The album seamlessly weaves such the issue-based songs with more personal tales, from friends falling victim to drug addiction in “Fallen Leaves,” to hipster snobbery in “Where is the Line?” to dealing with people who don’t stand by their convictions in “Covered in Cowardice” – the music sets the scene while the words tell the vivid stories.

“I think this record is more focused for us as writers and people telling stories that are a bit more personal and revealing the side of us that we were more hesitant to reveal on the first record,” says D’Sa.

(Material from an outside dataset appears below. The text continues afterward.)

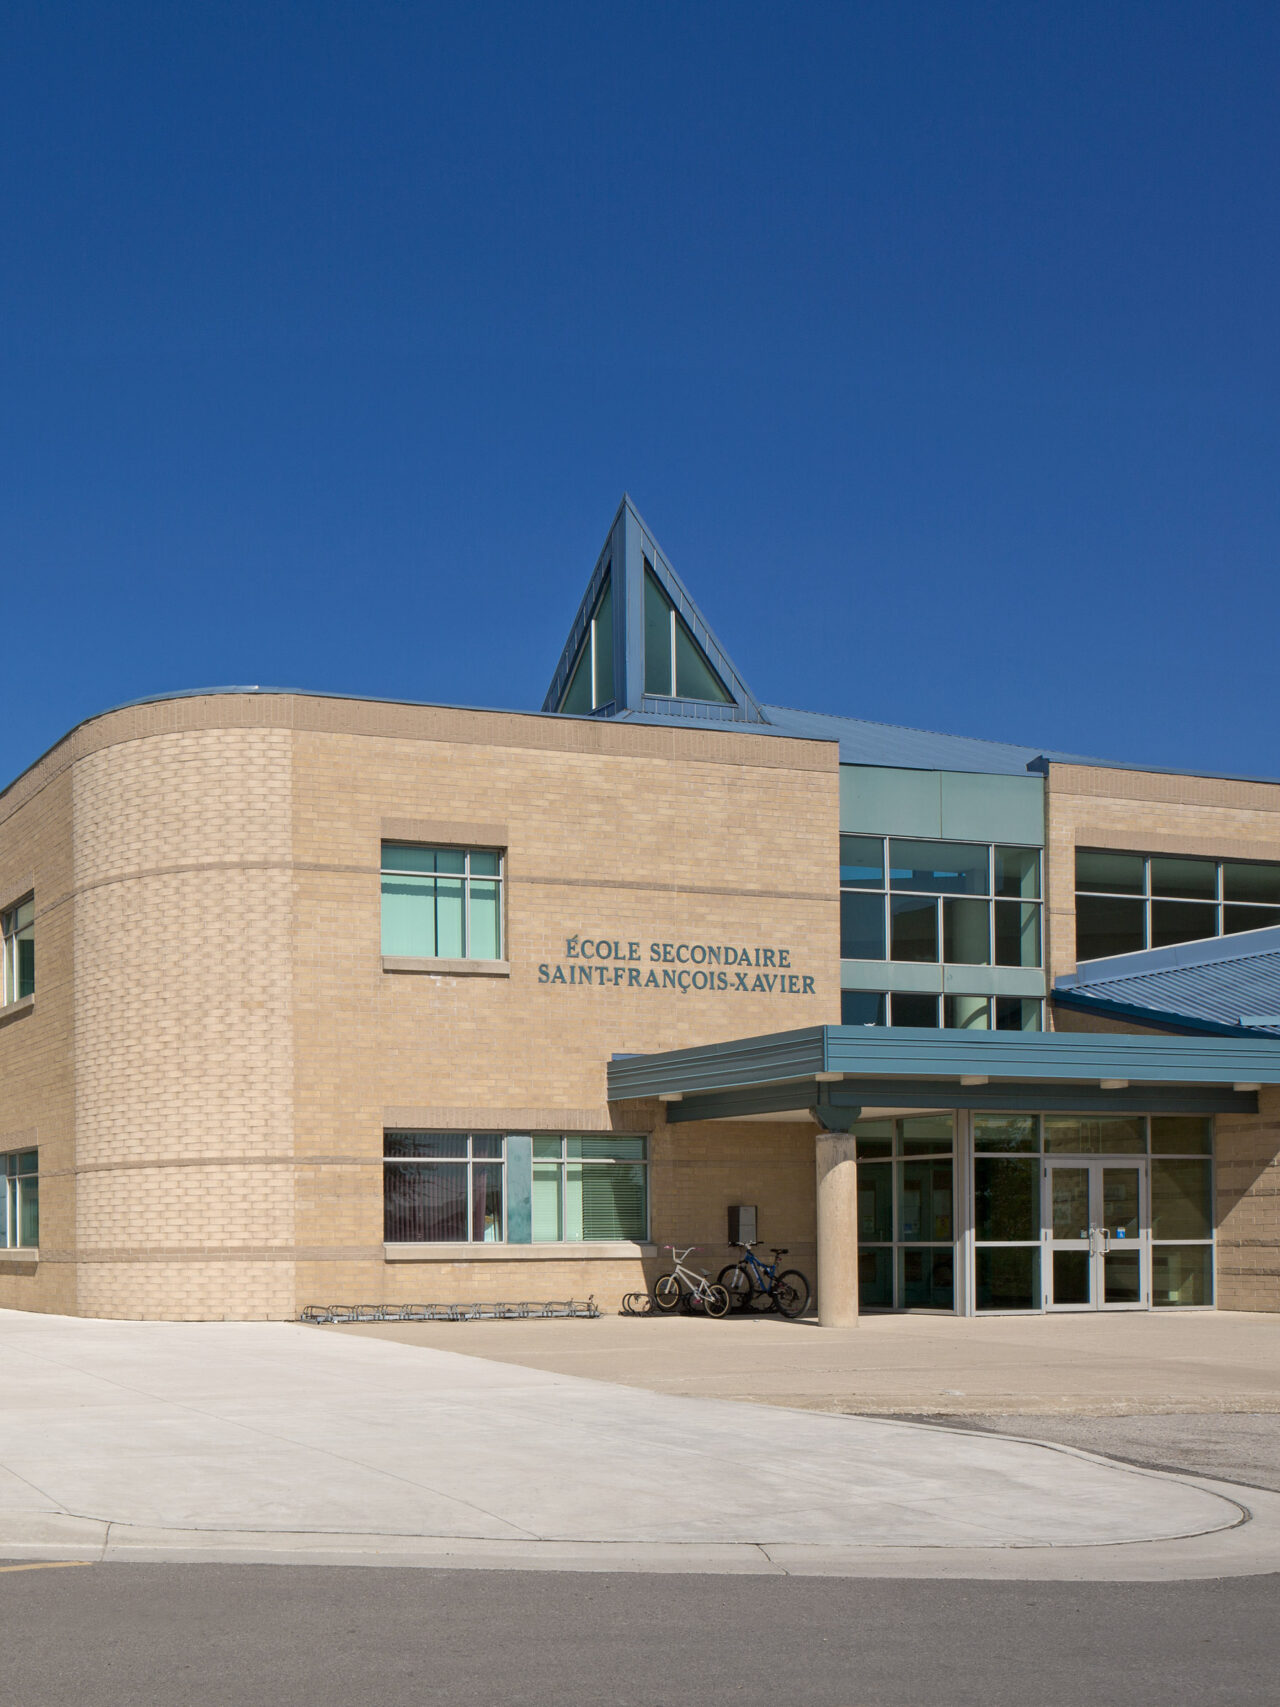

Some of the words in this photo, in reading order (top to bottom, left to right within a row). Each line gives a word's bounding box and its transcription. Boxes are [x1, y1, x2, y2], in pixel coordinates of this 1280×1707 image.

Musically, the song “This Suffering” melds all the sounds and styles that fans were first introduced to on their first record. “I think it’s a good representation of the band and all the little things we do in our music,” says Gallant.

But while individual songs can be picked out and highlighted, II is not a collection of singles but a single work put together with purpose – which explains the spartan title.

“A lot of times you look at certain songs to get the name of the record, but the problem with that is then you’re saying that is the song – fast-forward to this song,” says Kowalewicz. “For us, the record is an entire album not just a few songs and some filler.”

Like getting to know a good friend better over time, their lyrics and sound are familiar but delve deeper into who Billy Talent is and where they stand. The first 13 years of their career established them as an authentic, honest and direct force of energy and these next 13 songs add to that legacy. Welcome to part II.